Himmelweg: la via del cielo, cioè dal treno all’“infermeria”

[rating=3] Una scarpa diversa dall’altra, cappello con paraorecchie, vestito sdrucito, i pantaloni a contatto con la gelida terra, quando la luce lo colpisce sembra un sacco di stoffa. Il povero delegato della Croce Rossa sente delle voci che lo disturbano, cerca di giustificarsi. Parla a noi, o forse alla sua coscienza, mentre un rimpianto o un rimorso lo tortura da anni, condannandolo ad un’esistenza a metà, sempre con il pensiero rivolto a come sarebbe stata la sua vita se solo avesse visto qualcosa di diverso e soprattutto scritto qualcosa di diverso nel suo rapporto. Nel 1944 è semplicemente entrato in un “parco paradisiaco”, dove “la gente mi guarda in modo strano, mi evitano” ma tutto sommato non trova ciò che sta cercando: “mi aspettavo gente con il pigiama a righe, cosa mi aspettavo?!? […] non ho visto niente di anormale”. All’interno del campo di concentramento tutto era stato attentamente predisposto per la sua visita: gli ebrei, al comando del generale tedesco, avevano ritinteggiato tutto, piantato nuovi fiori, ognuno di loro aveva una piccola particina nell’enorme messinscena per convincerlo che l’Olocausto non esiste, che gli ebrei venivano deportati ma fondamentalmente trattati bene.
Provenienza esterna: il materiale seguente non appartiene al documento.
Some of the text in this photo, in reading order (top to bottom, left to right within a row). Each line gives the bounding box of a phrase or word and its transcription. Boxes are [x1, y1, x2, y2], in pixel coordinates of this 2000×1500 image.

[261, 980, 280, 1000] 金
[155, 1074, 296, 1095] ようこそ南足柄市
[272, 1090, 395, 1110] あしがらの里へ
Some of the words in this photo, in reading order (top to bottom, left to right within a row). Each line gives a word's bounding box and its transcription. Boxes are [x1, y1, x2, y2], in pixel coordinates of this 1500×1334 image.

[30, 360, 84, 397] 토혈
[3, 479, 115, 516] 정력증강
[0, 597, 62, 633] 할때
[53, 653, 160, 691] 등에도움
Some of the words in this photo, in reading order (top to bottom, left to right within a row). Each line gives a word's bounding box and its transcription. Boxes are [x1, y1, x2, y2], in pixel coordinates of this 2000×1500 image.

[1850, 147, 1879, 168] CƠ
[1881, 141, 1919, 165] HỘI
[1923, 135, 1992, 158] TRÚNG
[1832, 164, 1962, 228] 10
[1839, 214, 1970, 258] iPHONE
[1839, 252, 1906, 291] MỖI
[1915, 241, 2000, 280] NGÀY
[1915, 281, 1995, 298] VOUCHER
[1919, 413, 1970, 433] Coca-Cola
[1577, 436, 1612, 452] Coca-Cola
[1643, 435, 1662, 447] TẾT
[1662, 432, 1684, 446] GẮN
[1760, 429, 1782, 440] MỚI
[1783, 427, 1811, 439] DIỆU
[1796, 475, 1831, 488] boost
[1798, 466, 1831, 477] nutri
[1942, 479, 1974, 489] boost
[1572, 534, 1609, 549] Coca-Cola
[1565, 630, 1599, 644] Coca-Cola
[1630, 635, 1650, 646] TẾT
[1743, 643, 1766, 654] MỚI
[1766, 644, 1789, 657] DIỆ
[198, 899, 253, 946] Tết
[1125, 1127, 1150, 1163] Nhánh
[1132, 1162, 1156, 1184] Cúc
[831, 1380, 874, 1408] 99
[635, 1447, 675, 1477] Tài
Durante la visita qualcosa non lo convince, “tutto mi pare falso come la voce del sindaco”, i bambini che giocano sembrano innaturali anche per le cose che dicono, si respira un’aria strana, come di attesa. Ma non può di sicuro affermare di aver visto gli ebrei maltrattati: “riscriverei tutto, parola per parola”, “anche se avessi potuto scrivere un’altra cosa, niente sarebbe cambiato”. Razionalmente assolve sé stesso ma emotivamente continua a condannarsi: “ma come hai fatto a non vedere niente?!”

Himmelweg - la via del cielo

Dopo la visita, lo spettacolo analizza come si è arrivati a quella messinscena: il generale ha attentamente scritto il copione e scelto gli attori, ha creato e tagliato scene, ha ripetuto più e più volte la sua parte e ha aiutato a trovare “il personaggio” a tutti gli ebrei che lo circondano, trattando con il loro rappresentante. Chi non lo accontenta sul set è ben facile intuire che fine ha fatto. Sullo sfondo, una serie interminabile di treni che alle 6 del mattino in punto trasportano centinaia di persone fino all’infermeria: l’unica traccia che lasciano è una persistente colonna di fumo e chili di cenere che viene sversata in fiume. Graffianti le frasi del generale, “Alla tua gente gli costa così tanto sorridere?!”, “sorridi e finirai per essere felice”.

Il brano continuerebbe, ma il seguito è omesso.